Pasó página. Allí, al comienzo del capítulo, le aguardaba la primera sorpresa…

Annuntio vobis gaudium magnum;

Habemus Papam:

Eminentissimum ac reverendissimum Dominum,

Dominum Beatus,

Sanctæ Romanæ Ecclesiæ Cardinalem Peretti,

Qui sibi nomen imposuit Sixtum…

Tras leer las cinco líneas, Maurizio recordó por unos instantes la conversación con el sacerdote. «Fue un hombre santo, tanto como para lograr los más altos merecimientos».

Se lo había estado diciendo a la cara y él, incapaz de interpretar todos los mensajes que le había enviado el padre Luvoslav, no había caído en ello. ¡Felice Peretti era el nombre terrenal del papa Sixto V! El pulso le tembló. ¿Un papa que antes fue inquisidor y miembro de una siniestra sociedad secreta? ¿Un pontífice que podía estar detrás del misterioso enterramiento de Lazaretto Nuovo? Necesitaba saber más.

Al contrario de lo que Maurizio esperaba, aquella obra, dividida en dos partes, empezaba desarrollando la vida del papa desde el instante en el que fue elegido en santo cónclave. La segunda parte, «Peretti, el hombre», narraba distintos pasajes de su vida desde su nacimiento en la población italiana de Grottammare, el 13 de diciembre de 1520.

Maurizio, al ir pasando páginas, se percató de que faltaban muchas, de que habían sido arrancadas a conciencia. Y le molestó. Ése no era el trato al que había llegado con el sacerdote. No debía haber censura. No obstante, siguió leyendo. Con el paso de los años, en 1547 abrazó la doctrina de Cristo. No mucho después, el futuro papa destacó por su habilidad dialéctica, y fue enviado a Venecia como delegado del Santo Oficio. A pie de página había una nota, con un cuerpo de letra tan minúsculo que Maurizio tuvo que acercarse tanto que llamó la atención de dos muchachos que viajaban en la fila contigua.

—Debe de estar ciego —murmuraron.

Sin atender a las miradas curiosas del resto de pasajeros, hurgó en el interior de su cartera y, tras varios segundos, colocó sobre la mesa su cuaderno negro. Empezó a tomar notas.

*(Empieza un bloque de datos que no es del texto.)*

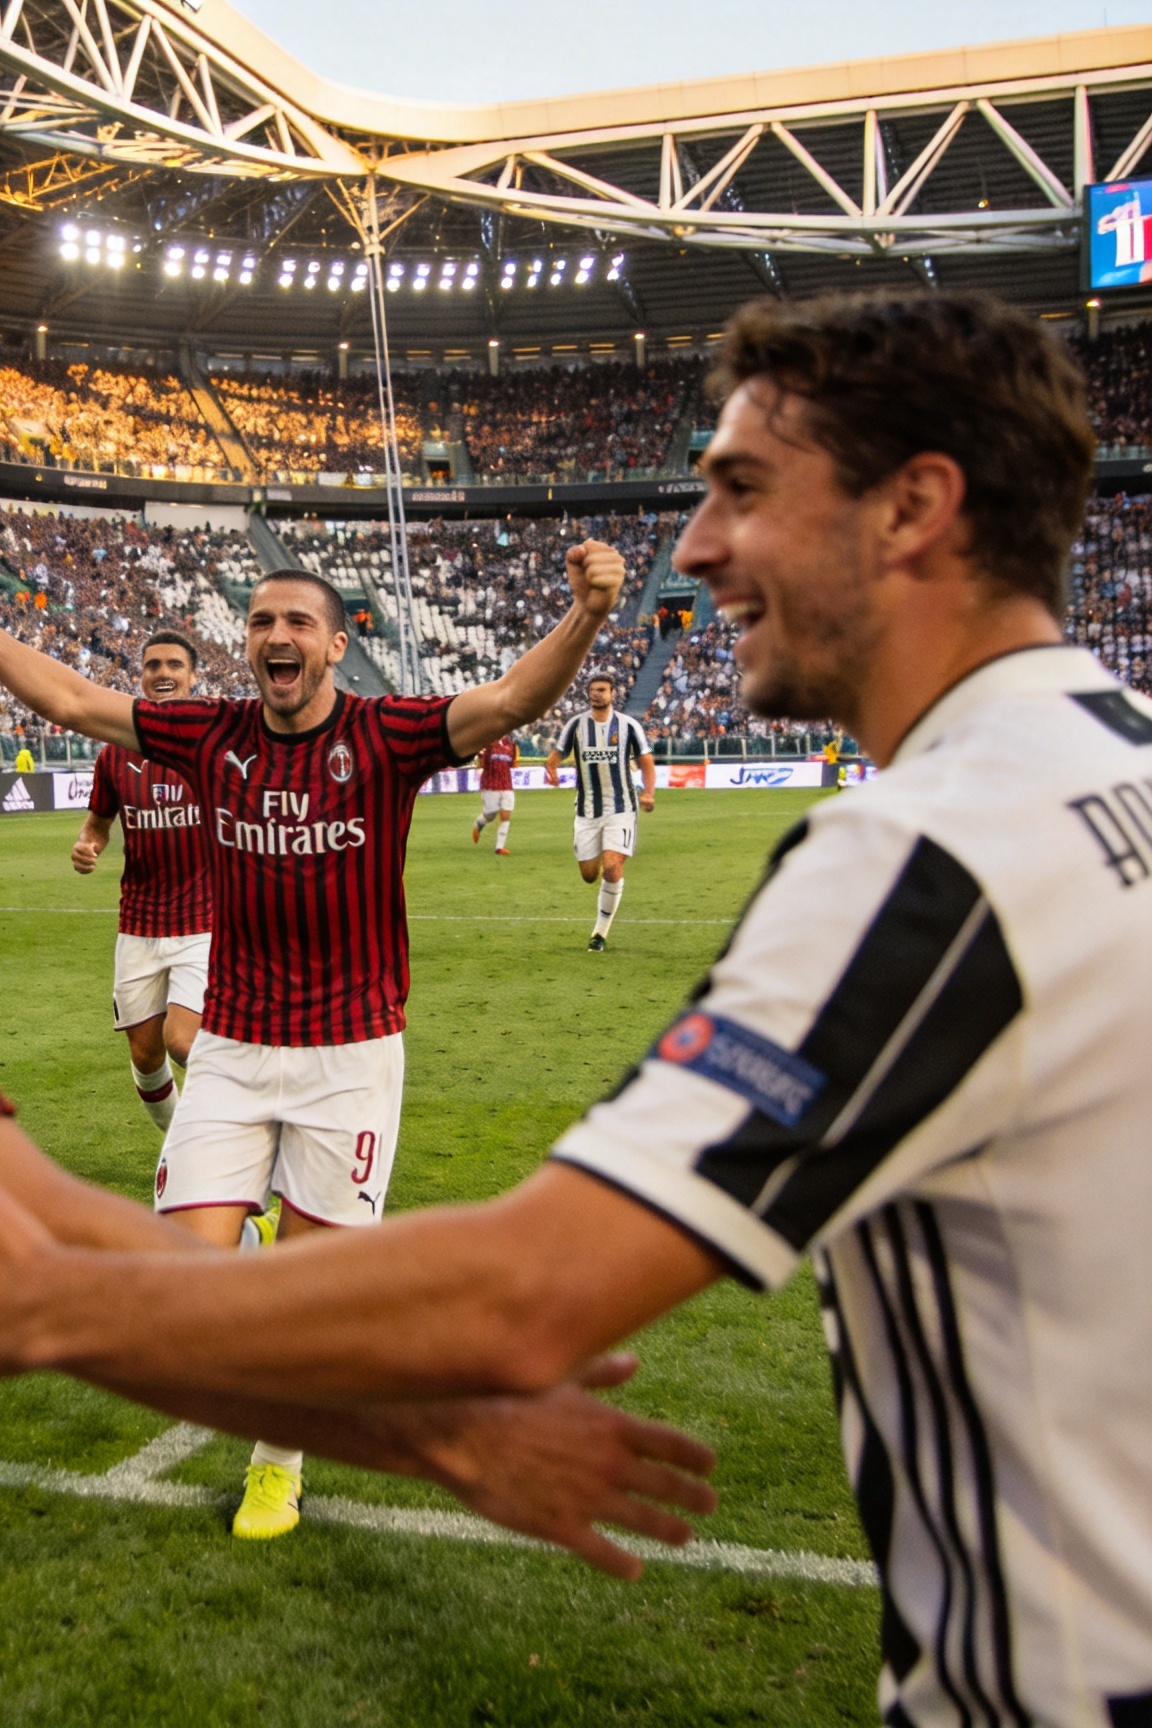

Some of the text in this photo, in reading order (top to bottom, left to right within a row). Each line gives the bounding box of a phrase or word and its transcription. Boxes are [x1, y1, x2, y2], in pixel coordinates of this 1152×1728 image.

[262, 790, 309, 822] Fly
[215, 807, 366, 856] Emirates
[351, 1130, 376, 1185] 9

El padre Peretti había sido enviado a Venecia en el año del Señor de 1557, como consejero mayor de la Inquisición. Allí destacó por ser un hombre severo a la hora de imponer la doctrina, y su fama fue tal que los propios venecianos reclamaron a la Santa Sede su deposición en 1560, tiempo en el que fue llevado nuevamente a Roma. En la ciudad de los canales, Peretti fue nombrado patriarca de la ciudad, cargo que representaba a la más alta autoridad eclesiástica, o lo que en otras poblaciones de importancia venía a ser el obispo. En esos años la situación en Venecia era desastrosa. La epidemia parecía imparable, y del este de Europa, cargados de extrañas creencias, llegaban clanes enteros de gitanos, huyendo de las razias que llevaban a cabo los otomanos. Peretti los acogió en Venecia, ciudad comercial que desde tiempos remotos veía pasear por sus calles y puertos a los hijos de culturas enfrentadas en otras partes del continente y que aquí convivían en una creciente armonía. Y él, que debía de ser hombre curioso, capaz de entender que la única forma de vencer al enemigo es conociéndolo, aprendió de las creencias, de las leyendas y de los mitos de los pueblos que se acercaban hasta su ecléctica Venecia.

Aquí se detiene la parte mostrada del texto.